Go through the records and transcribe them exactly, passing over any picture.

::: PROVIDED DATA :::

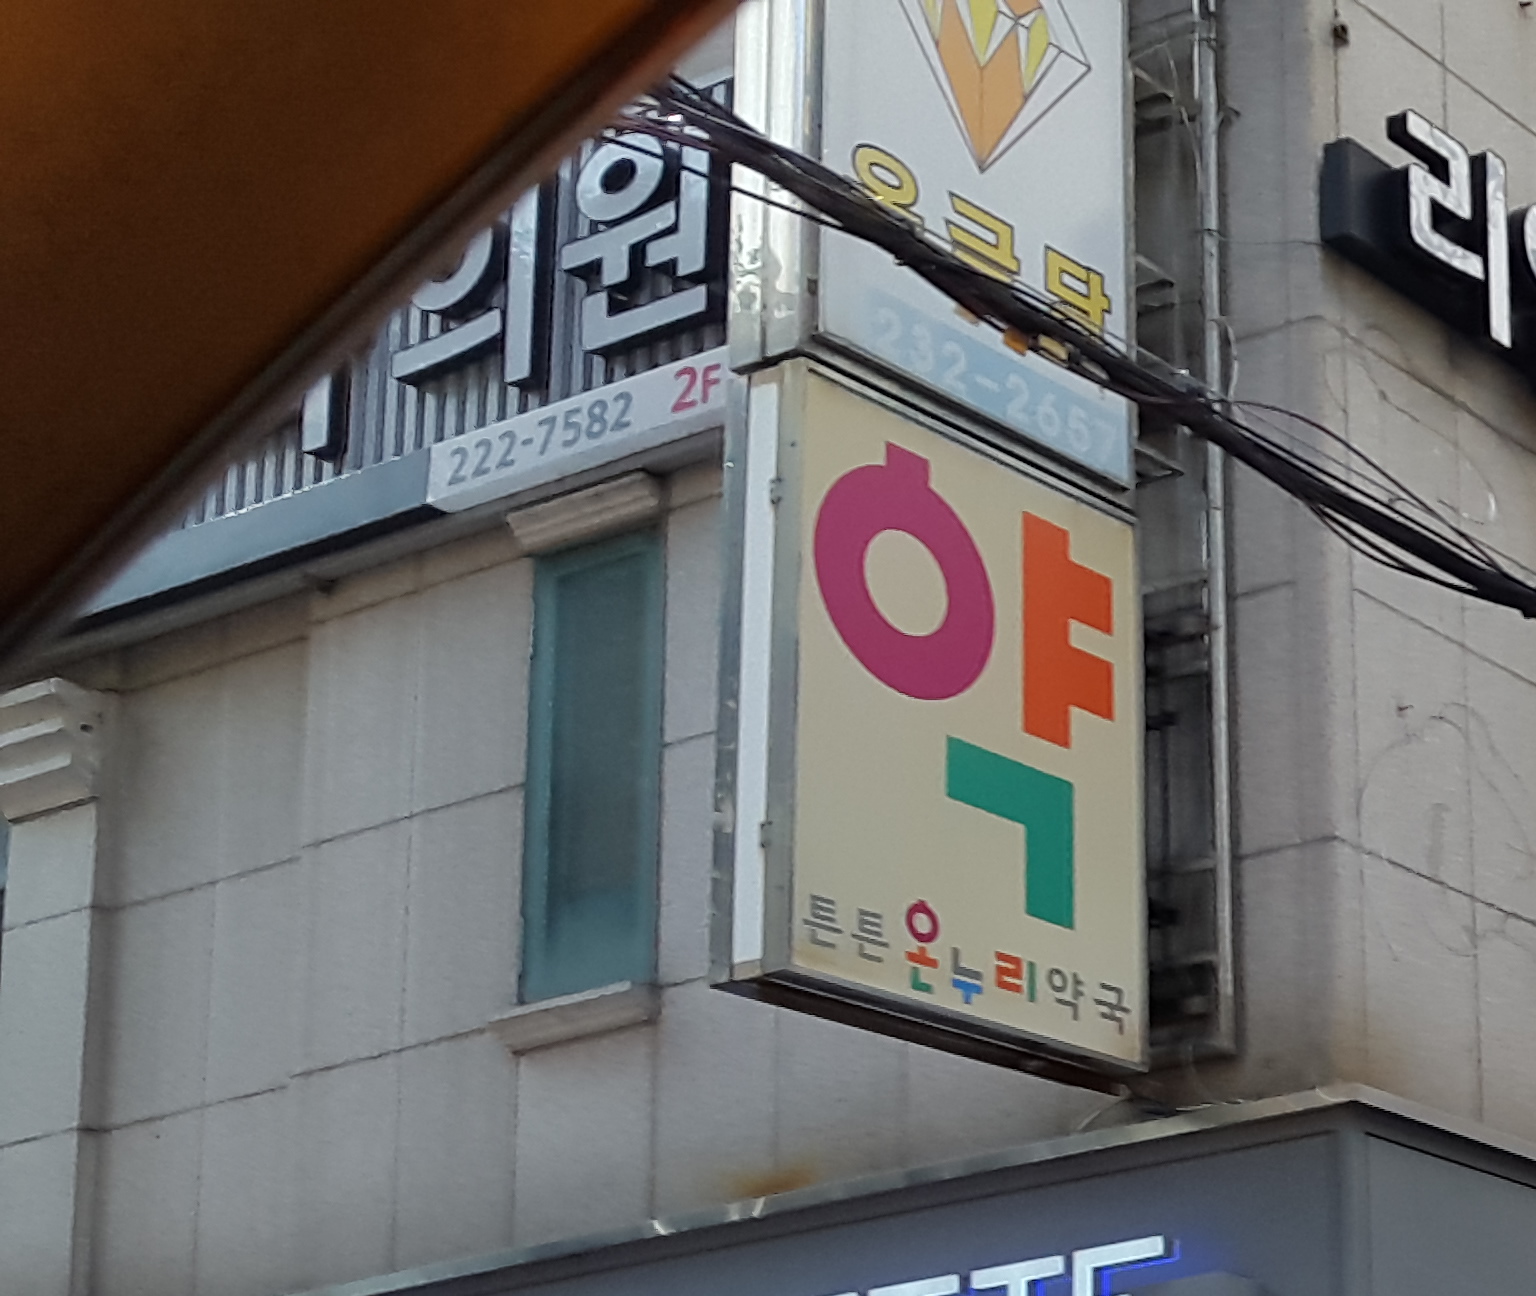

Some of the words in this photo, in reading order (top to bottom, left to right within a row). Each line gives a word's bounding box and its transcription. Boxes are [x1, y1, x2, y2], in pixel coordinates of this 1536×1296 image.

[446, 390, 635, 486] 222-7582
[669, 362, 723, 414] 2F
[813, 441, 1117, 931] 약
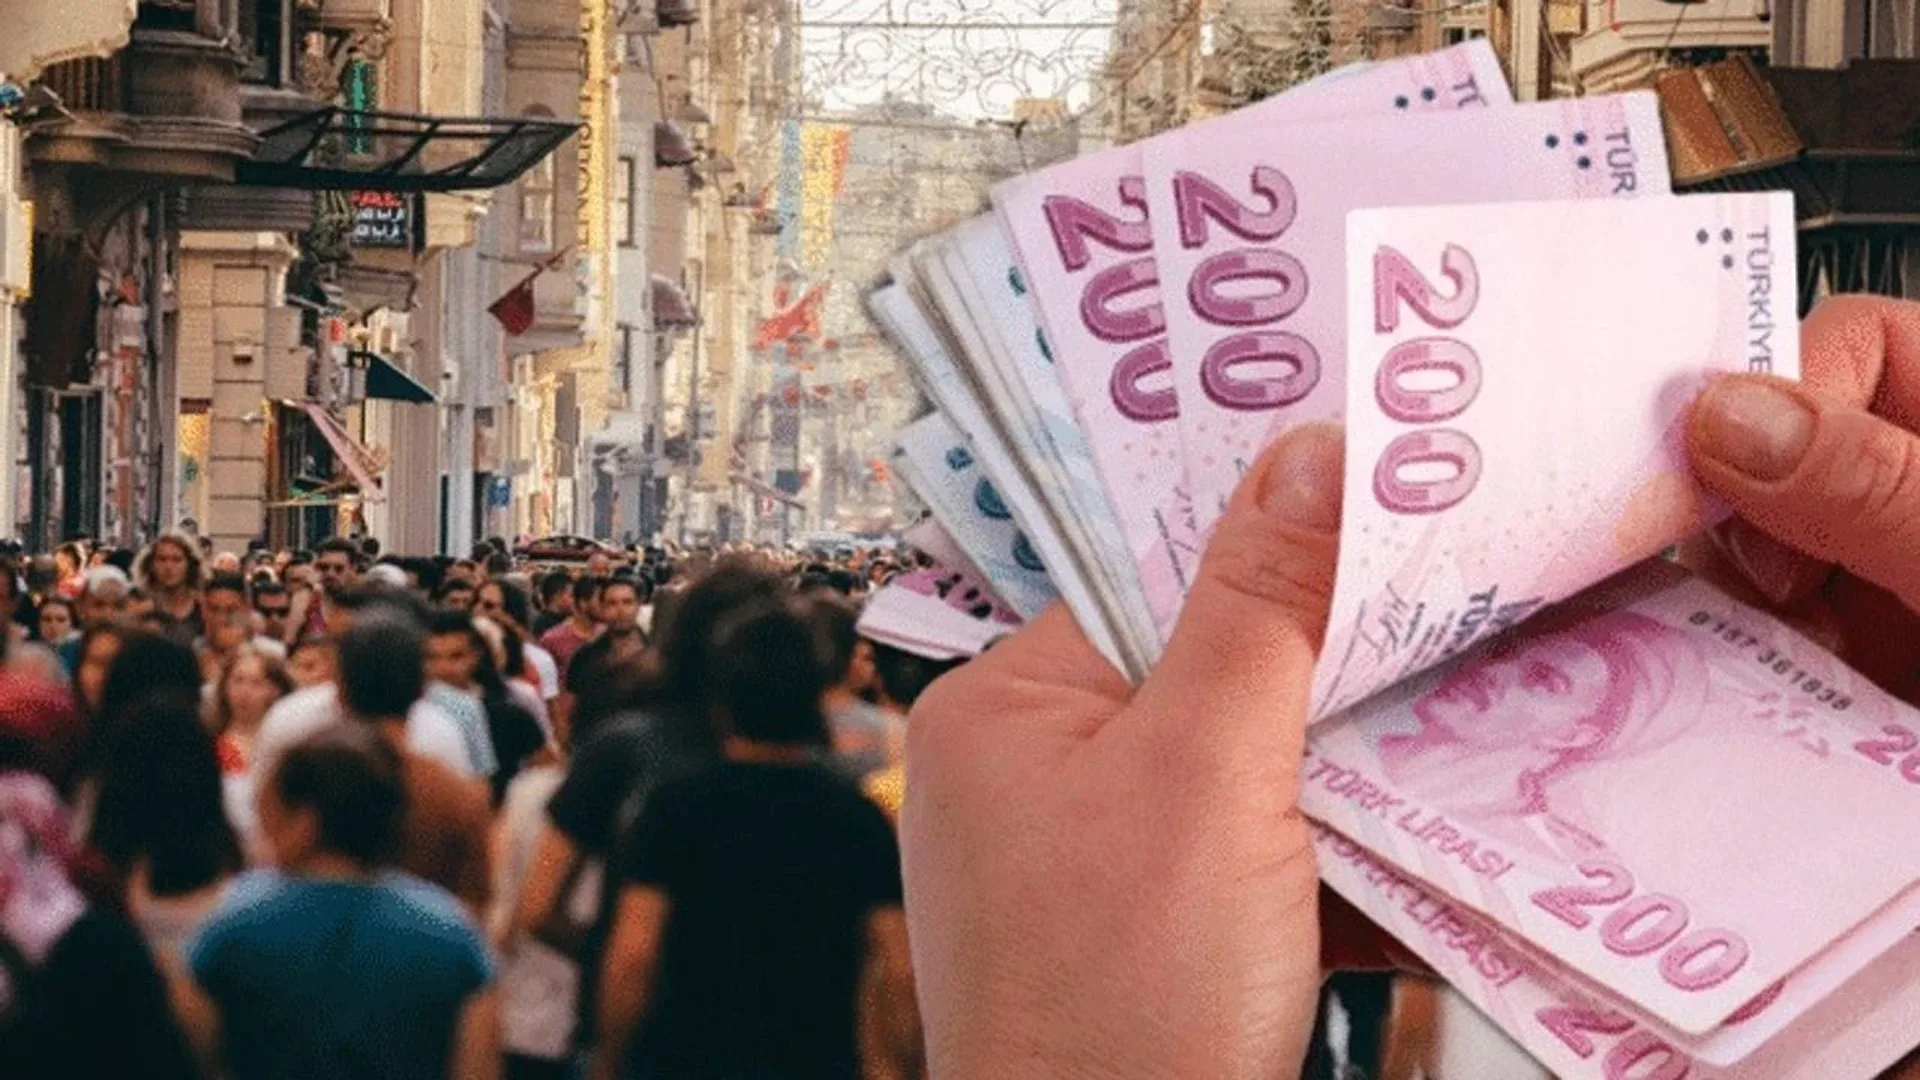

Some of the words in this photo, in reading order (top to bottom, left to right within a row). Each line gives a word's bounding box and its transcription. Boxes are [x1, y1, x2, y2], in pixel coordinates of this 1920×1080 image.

[1043, 175, 1179, 422] 200
[1173, 166, 1321, 411] 200
[1372, 242, 1483, 515] 200
[1530, 860, 1749, 992] 200

:::

TASK ANSWER:
Some of the words in this photo, in reading order (top to bottom, left to right within a row). Each line gives a word's bounding box and its transcription. Boxes are [x1, y1, x2, y2], in pixel coordinates of this 1536×1296 image.

[446, 390, 635, 486] 222-7582
[669, 362, 723, 414] 2F
[813, 441, 1117, 931] 약

Some of the words in this photo, in reading order (top to bottom, left to right within a row). Each line gives a word's bounding box and its transcription. Boxes are [x1, y1, x2, y2], in pixel coordinates of this 1920×1080 image.

[1043, 175, 1179, 422] 200
[1173, 166, 1321, 411] 200
[1372, 242, 1483, 515] 200
[1530, 860, 1749, 992] 200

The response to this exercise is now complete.